Dataset entries
+-------+
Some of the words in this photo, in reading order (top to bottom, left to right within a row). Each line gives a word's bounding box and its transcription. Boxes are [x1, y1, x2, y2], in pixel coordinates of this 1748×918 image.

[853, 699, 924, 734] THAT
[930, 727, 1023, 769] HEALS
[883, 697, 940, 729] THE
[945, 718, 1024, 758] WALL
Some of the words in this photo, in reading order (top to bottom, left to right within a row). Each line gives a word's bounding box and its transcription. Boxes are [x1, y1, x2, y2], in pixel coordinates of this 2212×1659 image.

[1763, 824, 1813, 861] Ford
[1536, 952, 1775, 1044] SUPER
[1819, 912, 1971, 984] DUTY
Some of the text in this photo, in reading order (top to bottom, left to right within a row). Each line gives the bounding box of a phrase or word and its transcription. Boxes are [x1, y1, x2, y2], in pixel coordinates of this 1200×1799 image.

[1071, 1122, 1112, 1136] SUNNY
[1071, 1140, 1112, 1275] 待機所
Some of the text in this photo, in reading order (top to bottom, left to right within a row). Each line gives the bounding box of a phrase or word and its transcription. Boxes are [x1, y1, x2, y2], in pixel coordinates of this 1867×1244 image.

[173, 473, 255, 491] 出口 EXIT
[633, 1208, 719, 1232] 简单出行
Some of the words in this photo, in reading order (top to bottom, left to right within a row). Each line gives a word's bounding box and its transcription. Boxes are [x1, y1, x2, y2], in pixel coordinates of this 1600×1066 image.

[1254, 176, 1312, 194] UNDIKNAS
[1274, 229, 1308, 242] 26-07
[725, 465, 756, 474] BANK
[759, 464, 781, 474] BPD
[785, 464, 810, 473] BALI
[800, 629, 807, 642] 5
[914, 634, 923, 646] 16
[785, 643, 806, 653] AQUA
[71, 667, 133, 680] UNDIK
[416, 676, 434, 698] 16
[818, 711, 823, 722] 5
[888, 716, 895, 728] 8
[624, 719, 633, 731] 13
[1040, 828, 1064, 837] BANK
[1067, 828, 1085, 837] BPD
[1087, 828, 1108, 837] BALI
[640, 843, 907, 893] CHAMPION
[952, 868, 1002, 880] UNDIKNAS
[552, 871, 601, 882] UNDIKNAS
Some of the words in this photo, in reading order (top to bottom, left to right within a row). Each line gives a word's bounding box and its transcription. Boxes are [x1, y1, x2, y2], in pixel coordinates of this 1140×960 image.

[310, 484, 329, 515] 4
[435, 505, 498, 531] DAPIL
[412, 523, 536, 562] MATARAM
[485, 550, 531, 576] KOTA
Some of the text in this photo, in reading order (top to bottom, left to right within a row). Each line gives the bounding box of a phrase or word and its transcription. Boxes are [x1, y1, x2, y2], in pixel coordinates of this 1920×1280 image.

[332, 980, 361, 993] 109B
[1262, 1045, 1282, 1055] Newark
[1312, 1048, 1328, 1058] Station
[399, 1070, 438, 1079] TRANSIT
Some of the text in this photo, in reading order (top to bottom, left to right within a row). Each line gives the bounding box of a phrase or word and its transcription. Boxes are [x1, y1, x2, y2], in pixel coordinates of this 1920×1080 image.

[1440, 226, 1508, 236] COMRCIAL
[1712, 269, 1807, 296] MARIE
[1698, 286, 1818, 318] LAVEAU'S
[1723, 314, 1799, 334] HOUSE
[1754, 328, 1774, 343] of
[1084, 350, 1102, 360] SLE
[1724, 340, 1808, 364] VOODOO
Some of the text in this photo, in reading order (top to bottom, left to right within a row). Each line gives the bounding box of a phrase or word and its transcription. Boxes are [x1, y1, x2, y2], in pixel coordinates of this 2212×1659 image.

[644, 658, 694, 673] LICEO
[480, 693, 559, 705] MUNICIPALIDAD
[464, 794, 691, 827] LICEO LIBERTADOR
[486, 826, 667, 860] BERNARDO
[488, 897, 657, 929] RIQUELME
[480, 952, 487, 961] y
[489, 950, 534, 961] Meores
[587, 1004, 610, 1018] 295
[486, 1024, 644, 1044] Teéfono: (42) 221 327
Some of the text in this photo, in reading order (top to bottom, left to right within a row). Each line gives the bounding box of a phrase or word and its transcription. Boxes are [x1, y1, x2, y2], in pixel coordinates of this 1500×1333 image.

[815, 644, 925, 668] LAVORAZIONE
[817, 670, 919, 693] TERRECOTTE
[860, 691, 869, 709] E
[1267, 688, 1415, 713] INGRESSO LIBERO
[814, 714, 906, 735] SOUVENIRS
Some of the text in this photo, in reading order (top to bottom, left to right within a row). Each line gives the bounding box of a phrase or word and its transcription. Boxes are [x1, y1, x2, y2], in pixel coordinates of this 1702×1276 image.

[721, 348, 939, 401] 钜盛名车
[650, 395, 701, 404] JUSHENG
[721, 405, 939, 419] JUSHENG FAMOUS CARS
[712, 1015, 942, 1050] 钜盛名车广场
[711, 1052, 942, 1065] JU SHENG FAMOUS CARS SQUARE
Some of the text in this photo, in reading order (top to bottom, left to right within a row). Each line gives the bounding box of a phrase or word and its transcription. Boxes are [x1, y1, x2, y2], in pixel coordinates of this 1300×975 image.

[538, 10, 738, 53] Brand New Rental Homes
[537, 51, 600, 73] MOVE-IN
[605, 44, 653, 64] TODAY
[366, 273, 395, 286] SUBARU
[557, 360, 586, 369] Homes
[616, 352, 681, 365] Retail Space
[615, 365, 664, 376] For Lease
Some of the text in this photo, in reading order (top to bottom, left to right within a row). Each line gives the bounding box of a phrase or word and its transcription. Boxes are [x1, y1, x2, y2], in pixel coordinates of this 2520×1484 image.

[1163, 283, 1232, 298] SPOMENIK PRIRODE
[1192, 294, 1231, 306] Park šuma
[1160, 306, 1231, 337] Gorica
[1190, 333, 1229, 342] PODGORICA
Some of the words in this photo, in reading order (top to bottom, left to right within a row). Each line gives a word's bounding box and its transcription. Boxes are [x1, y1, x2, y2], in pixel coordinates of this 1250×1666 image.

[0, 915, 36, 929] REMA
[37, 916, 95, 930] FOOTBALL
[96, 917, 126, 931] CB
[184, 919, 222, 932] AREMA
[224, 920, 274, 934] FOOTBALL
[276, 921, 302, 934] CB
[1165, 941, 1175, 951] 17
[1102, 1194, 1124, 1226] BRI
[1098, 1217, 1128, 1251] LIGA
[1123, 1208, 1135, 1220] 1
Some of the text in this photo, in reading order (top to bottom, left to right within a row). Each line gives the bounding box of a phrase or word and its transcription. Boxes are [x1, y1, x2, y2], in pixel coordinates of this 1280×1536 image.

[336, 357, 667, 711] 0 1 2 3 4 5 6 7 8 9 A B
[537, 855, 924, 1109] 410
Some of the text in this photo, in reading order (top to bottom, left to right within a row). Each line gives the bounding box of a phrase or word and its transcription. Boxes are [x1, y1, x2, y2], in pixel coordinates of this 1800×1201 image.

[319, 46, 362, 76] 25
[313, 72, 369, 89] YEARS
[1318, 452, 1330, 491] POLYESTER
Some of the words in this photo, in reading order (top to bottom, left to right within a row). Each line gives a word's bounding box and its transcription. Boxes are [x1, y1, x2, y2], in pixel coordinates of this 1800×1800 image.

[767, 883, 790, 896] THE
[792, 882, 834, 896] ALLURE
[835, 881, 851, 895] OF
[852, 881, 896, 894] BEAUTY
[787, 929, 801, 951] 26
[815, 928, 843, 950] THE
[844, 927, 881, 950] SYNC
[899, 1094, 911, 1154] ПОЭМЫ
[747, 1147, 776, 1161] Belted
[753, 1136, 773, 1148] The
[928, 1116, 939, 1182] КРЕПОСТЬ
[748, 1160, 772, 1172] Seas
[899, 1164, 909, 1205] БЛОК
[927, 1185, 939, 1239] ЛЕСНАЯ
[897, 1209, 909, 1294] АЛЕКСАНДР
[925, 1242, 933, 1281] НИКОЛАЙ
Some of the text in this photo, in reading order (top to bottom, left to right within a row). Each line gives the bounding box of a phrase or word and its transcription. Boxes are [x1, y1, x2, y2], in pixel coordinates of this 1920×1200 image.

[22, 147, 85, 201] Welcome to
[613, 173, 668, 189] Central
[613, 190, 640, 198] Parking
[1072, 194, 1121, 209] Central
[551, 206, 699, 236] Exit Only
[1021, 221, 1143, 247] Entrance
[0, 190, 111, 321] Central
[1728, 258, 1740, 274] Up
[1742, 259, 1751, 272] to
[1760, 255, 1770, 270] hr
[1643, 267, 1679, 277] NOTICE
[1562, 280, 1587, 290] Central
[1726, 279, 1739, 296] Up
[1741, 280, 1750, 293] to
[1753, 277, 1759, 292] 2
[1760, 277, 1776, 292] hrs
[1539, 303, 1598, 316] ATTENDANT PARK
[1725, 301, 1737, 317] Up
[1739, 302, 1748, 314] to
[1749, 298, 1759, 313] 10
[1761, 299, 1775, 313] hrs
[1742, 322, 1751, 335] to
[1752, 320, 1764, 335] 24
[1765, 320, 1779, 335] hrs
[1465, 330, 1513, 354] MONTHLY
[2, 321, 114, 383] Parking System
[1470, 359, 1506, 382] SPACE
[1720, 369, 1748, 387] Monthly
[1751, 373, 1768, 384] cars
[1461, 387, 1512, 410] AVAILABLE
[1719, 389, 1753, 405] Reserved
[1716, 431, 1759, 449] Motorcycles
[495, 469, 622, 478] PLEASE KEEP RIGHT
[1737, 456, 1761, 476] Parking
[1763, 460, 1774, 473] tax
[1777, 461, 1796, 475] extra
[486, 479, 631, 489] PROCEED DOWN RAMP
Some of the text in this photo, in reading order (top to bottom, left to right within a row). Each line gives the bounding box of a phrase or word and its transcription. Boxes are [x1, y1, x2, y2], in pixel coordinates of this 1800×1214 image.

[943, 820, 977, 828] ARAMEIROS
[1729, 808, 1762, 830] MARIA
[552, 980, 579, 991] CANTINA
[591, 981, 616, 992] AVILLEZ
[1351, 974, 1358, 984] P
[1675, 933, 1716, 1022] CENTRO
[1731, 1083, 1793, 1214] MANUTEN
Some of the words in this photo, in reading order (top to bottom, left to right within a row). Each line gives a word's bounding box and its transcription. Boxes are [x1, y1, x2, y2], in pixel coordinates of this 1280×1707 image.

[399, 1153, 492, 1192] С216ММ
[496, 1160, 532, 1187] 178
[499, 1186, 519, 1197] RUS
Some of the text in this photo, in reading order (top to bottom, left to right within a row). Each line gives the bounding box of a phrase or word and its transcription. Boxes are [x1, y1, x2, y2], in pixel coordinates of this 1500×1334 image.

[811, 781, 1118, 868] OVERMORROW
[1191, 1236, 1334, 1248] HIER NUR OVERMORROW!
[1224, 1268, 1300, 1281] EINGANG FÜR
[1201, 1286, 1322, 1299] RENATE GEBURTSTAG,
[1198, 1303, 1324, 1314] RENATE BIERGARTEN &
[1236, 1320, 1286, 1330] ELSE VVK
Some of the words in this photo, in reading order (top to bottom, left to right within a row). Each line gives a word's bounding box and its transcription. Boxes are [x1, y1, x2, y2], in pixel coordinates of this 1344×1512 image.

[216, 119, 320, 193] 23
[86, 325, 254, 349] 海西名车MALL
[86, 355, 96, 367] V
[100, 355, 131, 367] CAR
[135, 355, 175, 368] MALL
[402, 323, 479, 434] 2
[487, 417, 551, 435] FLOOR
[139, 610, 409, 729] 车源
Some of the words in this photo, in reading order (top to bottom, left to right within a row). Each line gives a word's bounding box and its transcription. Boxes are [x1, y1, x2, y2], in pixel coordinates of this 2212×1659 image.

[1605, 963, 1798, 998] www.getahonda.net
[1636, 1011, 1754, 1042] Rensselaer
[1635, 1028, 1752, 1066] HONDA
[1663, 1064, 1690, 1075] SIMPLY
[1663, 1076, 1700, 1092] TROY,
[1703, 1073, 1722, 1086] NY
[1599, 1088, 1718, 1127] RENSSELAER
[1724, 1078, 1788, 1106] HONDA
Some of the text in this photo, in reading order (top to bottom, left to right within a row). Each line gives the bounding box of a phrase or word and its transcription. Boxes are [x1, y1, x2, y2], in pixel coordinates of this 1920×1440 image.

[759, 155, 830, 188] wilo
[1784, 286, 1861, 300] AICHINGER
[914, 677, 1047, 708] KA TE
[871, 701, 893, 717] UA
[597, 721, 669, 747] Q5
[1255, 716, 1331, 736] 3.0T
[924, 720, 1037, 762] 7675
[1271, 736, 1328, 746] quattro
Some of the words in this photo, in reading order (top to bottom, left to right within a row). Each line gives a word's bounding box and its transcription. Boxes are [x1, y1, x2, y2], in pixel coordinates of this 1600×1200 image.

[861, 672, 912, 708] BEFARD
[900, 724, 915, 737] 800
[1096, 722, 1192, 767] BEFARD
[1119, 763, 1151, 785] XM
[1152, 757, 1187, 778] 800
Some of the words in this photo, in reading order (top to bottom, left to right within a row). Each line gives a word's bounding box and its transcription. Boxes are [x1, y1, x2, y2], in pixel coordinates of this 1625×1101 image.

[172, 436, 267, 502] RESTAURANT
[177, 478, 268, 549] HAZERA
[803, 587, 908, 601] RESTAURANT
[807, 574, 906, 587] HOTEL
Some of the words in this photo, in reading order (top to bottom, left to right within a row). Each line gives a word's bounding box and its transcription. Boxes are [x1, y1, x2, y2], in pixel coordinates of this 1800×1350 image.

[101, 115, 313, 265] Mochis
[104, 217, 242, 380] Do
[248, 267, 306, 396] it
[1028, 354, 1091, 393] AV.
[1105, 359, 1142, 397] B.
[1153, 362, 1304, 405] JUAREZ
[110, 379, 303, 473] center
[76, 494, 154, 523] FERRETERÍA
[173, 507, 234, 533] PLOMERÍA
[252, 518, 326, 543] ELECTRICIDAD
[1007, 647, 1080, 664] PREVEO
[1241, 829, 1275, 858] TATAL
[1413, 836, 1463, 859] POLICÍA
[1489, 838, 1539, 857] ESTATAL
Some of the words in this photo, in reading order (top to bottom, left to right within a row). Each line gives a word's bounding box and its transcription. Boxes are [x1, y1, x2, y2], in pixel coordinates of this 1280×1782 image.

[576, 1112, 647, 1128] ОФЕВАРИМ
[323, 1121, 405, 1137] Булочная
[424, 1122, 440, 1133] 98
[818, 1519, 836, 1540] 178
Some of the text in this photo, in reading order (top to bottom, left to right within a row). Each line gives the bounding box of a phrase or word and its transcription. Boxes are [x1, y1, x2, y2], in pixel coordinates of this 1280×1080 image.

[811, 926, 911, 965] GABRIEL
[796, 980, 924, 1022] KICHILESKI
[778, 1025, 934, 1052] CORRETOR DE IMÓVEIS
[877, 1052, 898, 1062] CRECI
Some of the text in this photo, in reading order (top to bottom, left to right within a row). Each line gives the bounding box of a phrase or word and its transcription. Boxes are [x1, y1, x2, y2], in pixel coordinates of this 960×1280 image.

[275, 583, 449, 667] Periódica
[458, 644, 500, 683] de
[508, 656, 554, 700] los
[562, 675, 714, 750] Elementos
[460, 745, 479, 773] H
+-------+
→ Your task
Copy, character for character, the lines from the line that holds "this 1280×1080 image." through the final line of the records above.

→ Output below
Some of the text in this photo, in reading order (top to bottom, left to right within a row). Each line gives the bounding box of a phrase or word and its transcription. Boxes are [x1, y1, x2, y2], in pixel coordinates of this 1280×1080 image.

[811, 926, 911, 965] GABRIEL
[796, 980, 924, 1022] KICHILESKI
[778, 1025, 934, 1052] CORRETOR DE IMÓVEIS
[877, 1052, 898, 1062] CRECI
Some of the text in this photo, in reading order (top to bottom, left to right within a row). Each line gives the bounding box of a phrase or word and its transcription. Boxes are [x1, y1, x2, y2], in pixel coordinates of this 960×1280 image.

[275, 583, 449, 667] Periódica
[458, 644, 500, 683] de
[508, 656, 554, 700] los
[562, 675, 714, 750] Elementos
[460, 745, 479, 773] H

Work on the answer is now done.